Browser based applications – Are they the future?

There is a shift in the market at the moment towards browser based applications. There are the more visible (web based) ones produced by Google, but a lot of the software industry hard-hitters are ditching the traditional application clients for a browser based experience. Have we seen the end for a lot of (especially workgroup) applications?

In order to answer this question it is necessary to understand the issues involved in software support, whether it is paid for support or open source community support.

As a software vendor you deal day to day with issues found and raised by the customer. This can be an issue in the code (a bug), a user error, or an environment issue.

If you have ever worked supporting a software product you will know that an awful lot of issue are environmental issues, and a lot of these take a long time to diagnose. Depending on the complexity of the software you need to take into account everything from the Operating system (the version of Windows), the database drivers installed, the configuration scripts, the version of the client software, even idiosyncrasies within their user profile.

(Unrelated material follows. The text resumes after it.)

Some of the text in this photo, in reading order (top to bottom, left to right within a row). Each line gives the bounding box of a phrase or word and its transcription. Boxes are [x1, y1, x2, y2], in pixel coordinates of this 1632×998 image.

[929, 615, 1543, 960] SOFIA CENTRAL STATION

Software support can be a web of complexity!

If you strip away some of this complexity this gets rid of a lot of the environmental issues and leaves you with user error and bugs. It also leaves you a lot more time to concentrate on what you should be doing, improving the product, instead of fire-fighting the issues people are having trying to run the existing product.

One way of stripping away the environmental issues is to use a web client. Largely it doesn’t matter what OS they are using, what drivers they have installed, or conflicting software, 9 times out of 10 if they have the supported web browser installed then the application will run fine.

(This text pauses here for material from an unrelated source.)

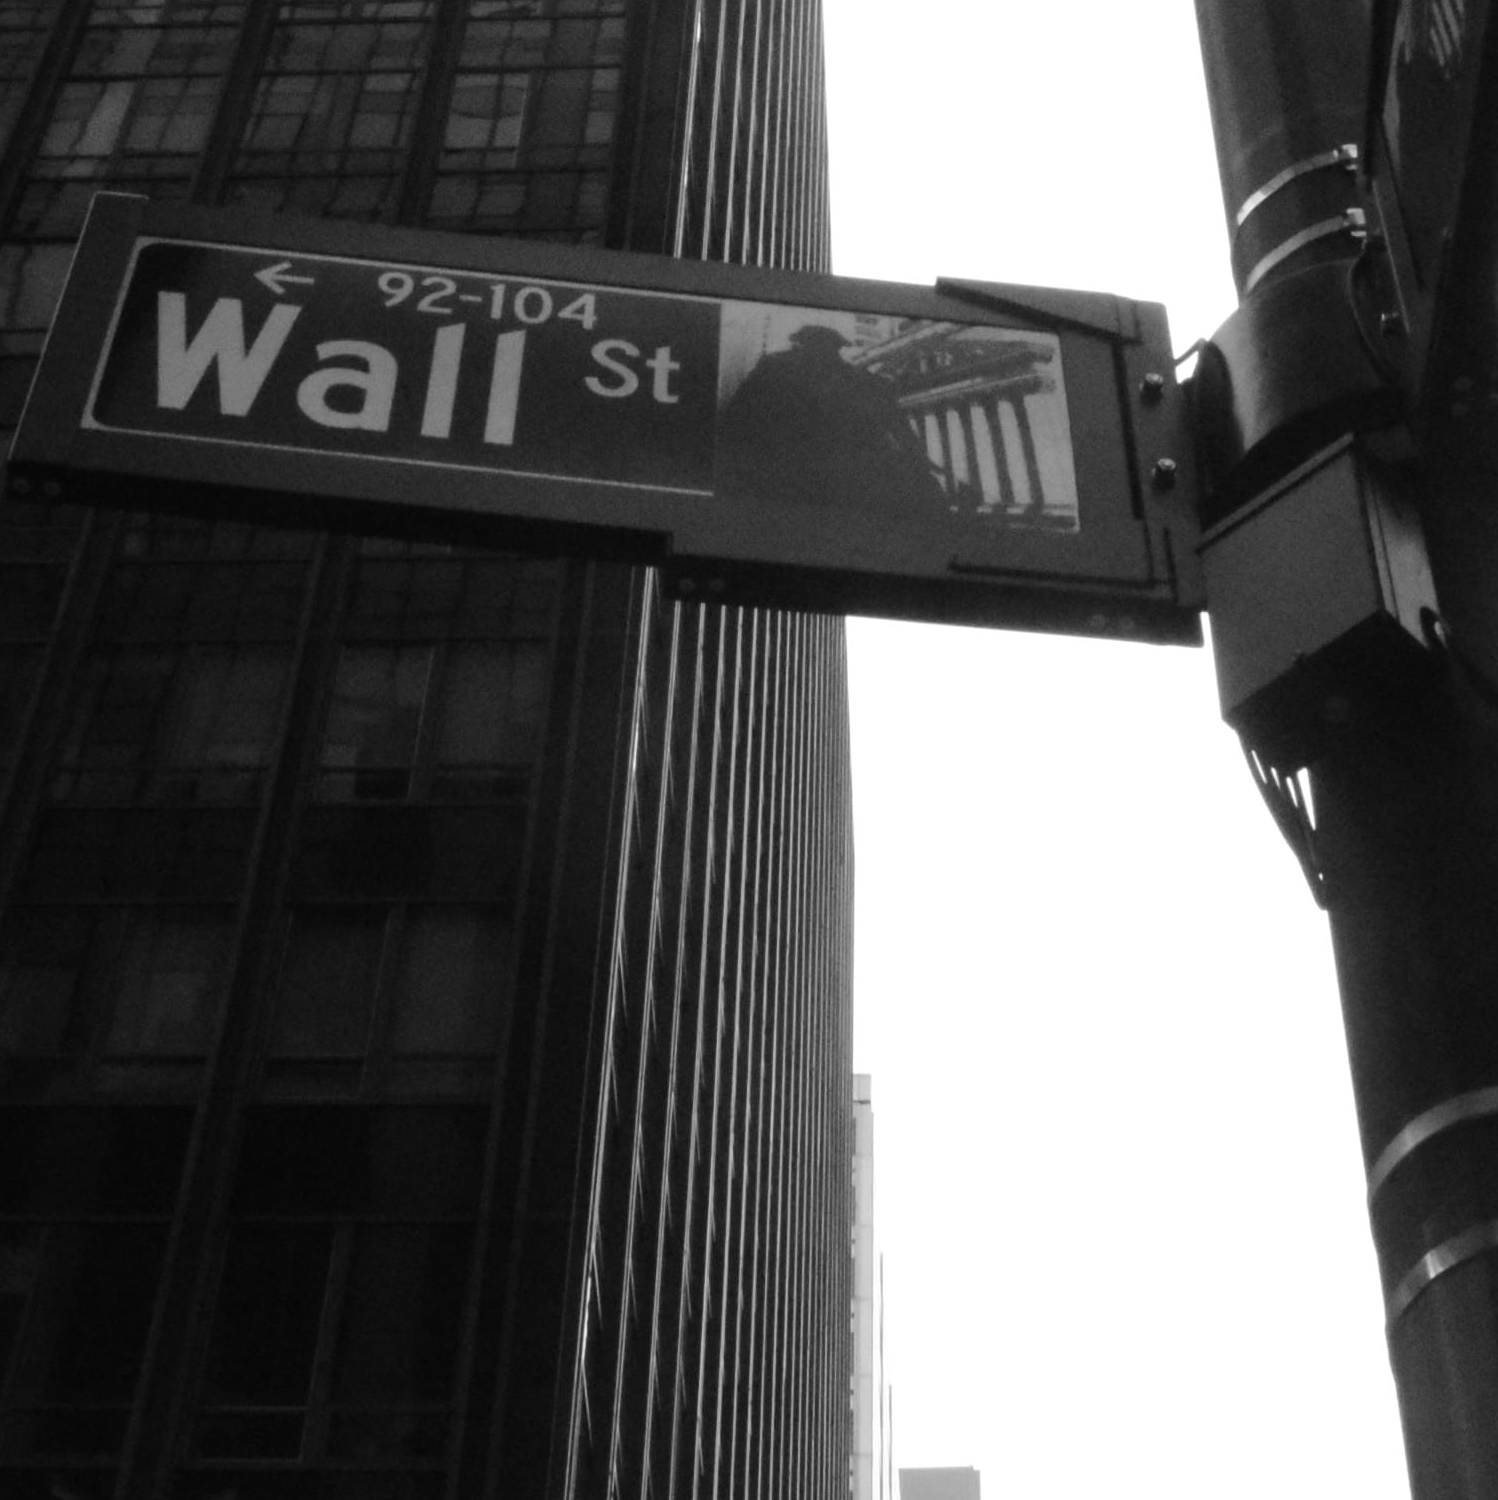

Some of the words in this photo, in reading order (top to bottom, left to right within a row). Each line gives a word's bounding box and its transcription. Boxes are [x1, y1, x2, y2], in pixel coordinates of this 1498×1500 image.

[377, 271, 598, 330] 92-104
[157, 290, 527, 446] Wall
[584, 338, 681, 403] St

A lot of companies are ditching the application clients to go with browser based solutions for this exact issue. It is a God-send from a support perspective, I speak from experience here.


There is also a link between browser based applications and web based applications. While they are similar they are also fundamentally different. Web based applications break out of the office domain and communicate with a server hosted by the software vendor. This has positives, negatives and many other issues, but that’s for another post.

2 replies
  1. Rarst
    Rarst says:

    Well, they are most certainly in future but they are not all of it. 🙂

    PC means personal computer and this personal usage model worked so well and adopted so widely for plenty of reasons.

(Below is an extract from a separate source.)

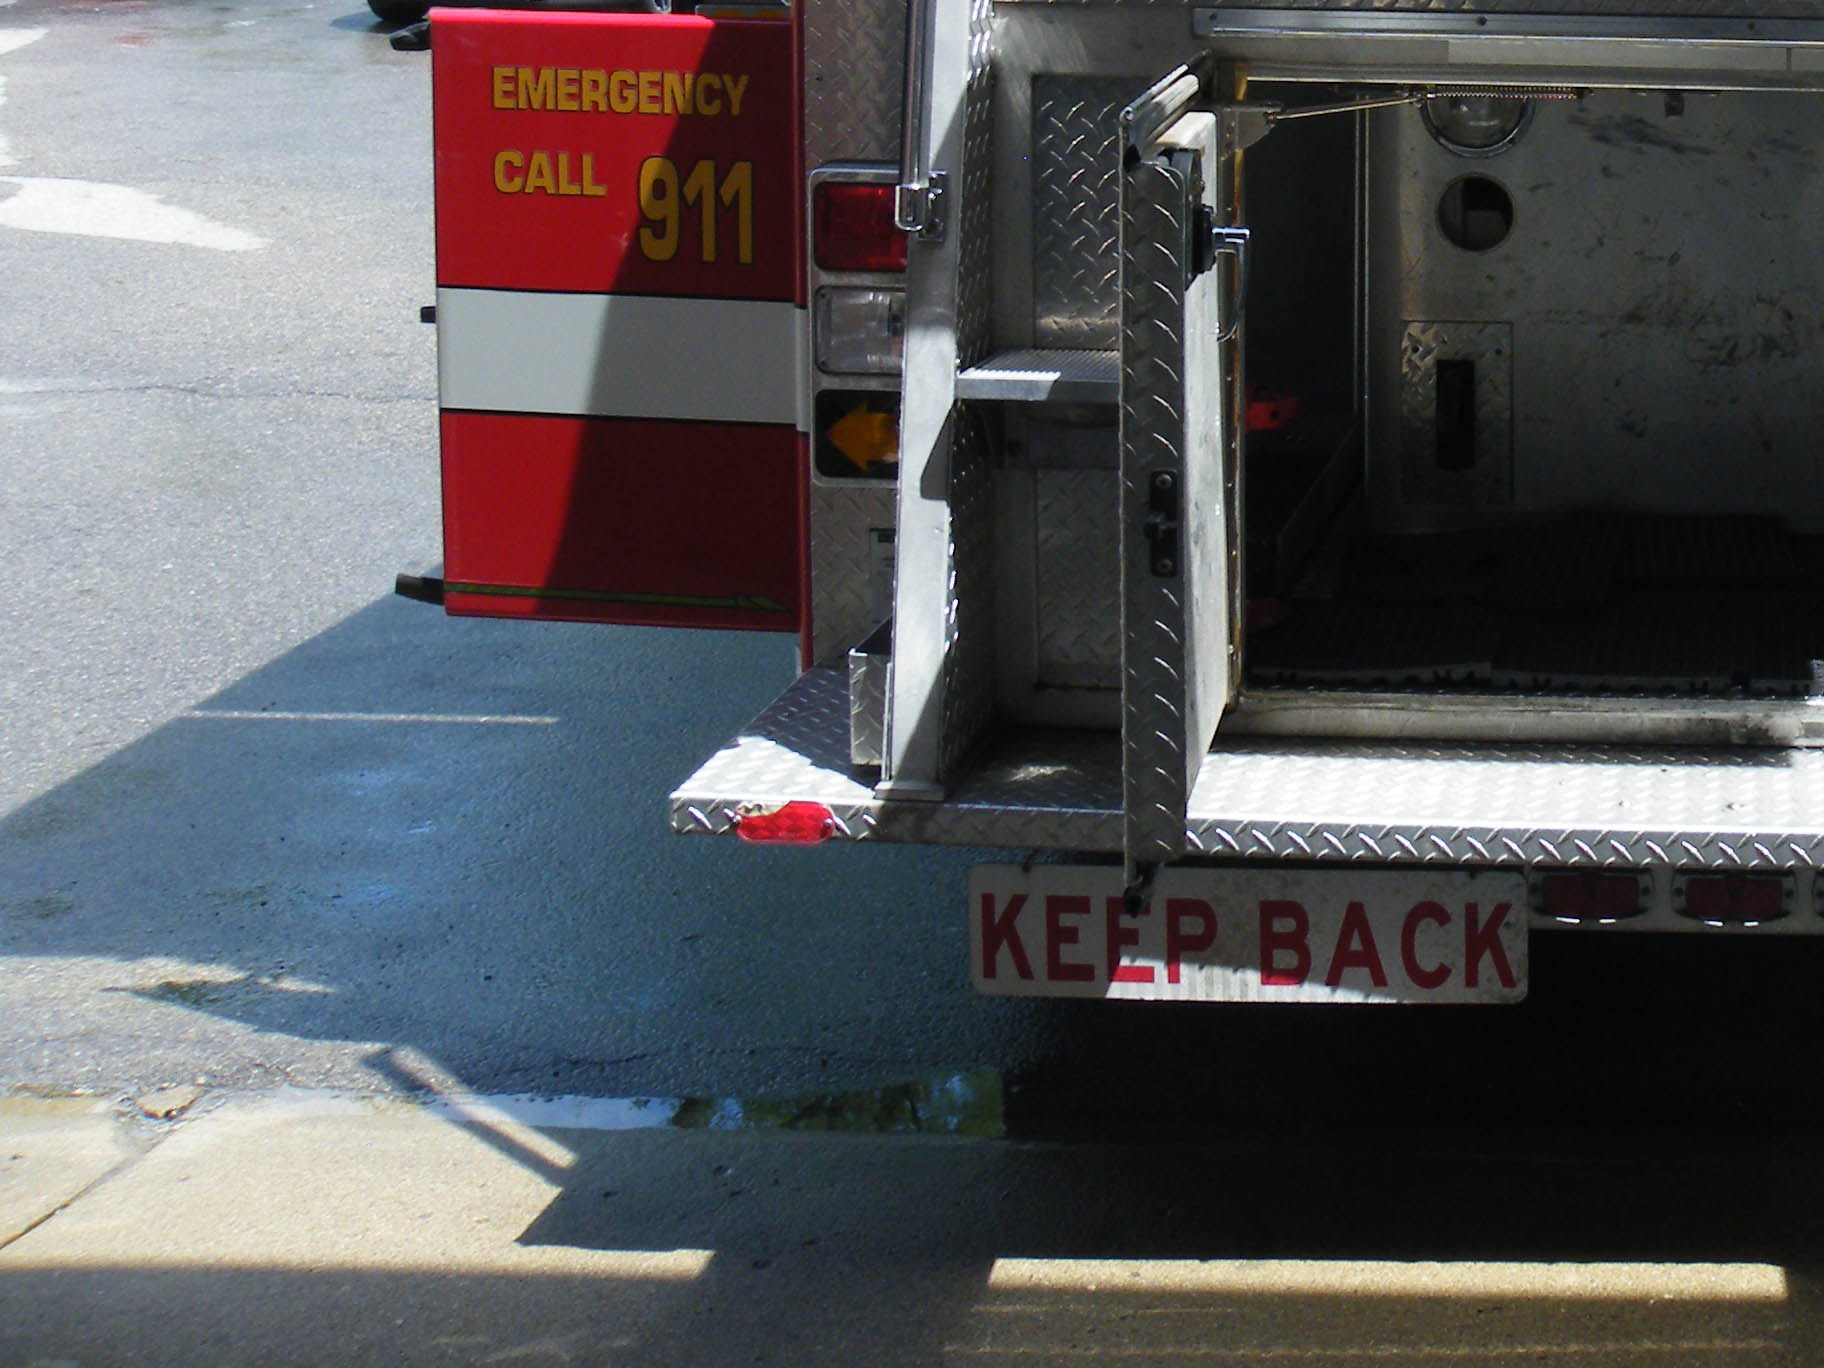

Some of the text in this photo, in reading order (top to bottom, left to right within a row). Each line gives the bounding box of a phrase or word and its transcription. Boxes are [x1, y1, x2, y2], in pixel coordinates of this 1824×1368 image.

    I don’t think networked stuff has a chance to dominate before networks structure evolve further than ancient Ethernet and crappy wireless links.

  2. Jim
    Jim says:

    Thanks for the comment Rarst.

    You have a point. I think it depends on the area of computing you are looking at. In computing as a whole you are right, it is going to be a long time until people stop replacing the office applications with browser alternatives, for example.

    Where browser apps really shine is in workgroup applications, where networking and cross machine communication is needed, whether the client is application or browser based. Then it becomes an easy way to upgrade and support the individual users without some of the issues I wrote about above.

    You have a very good point about networking though, we have a long way to go on that road before it is considered flawless!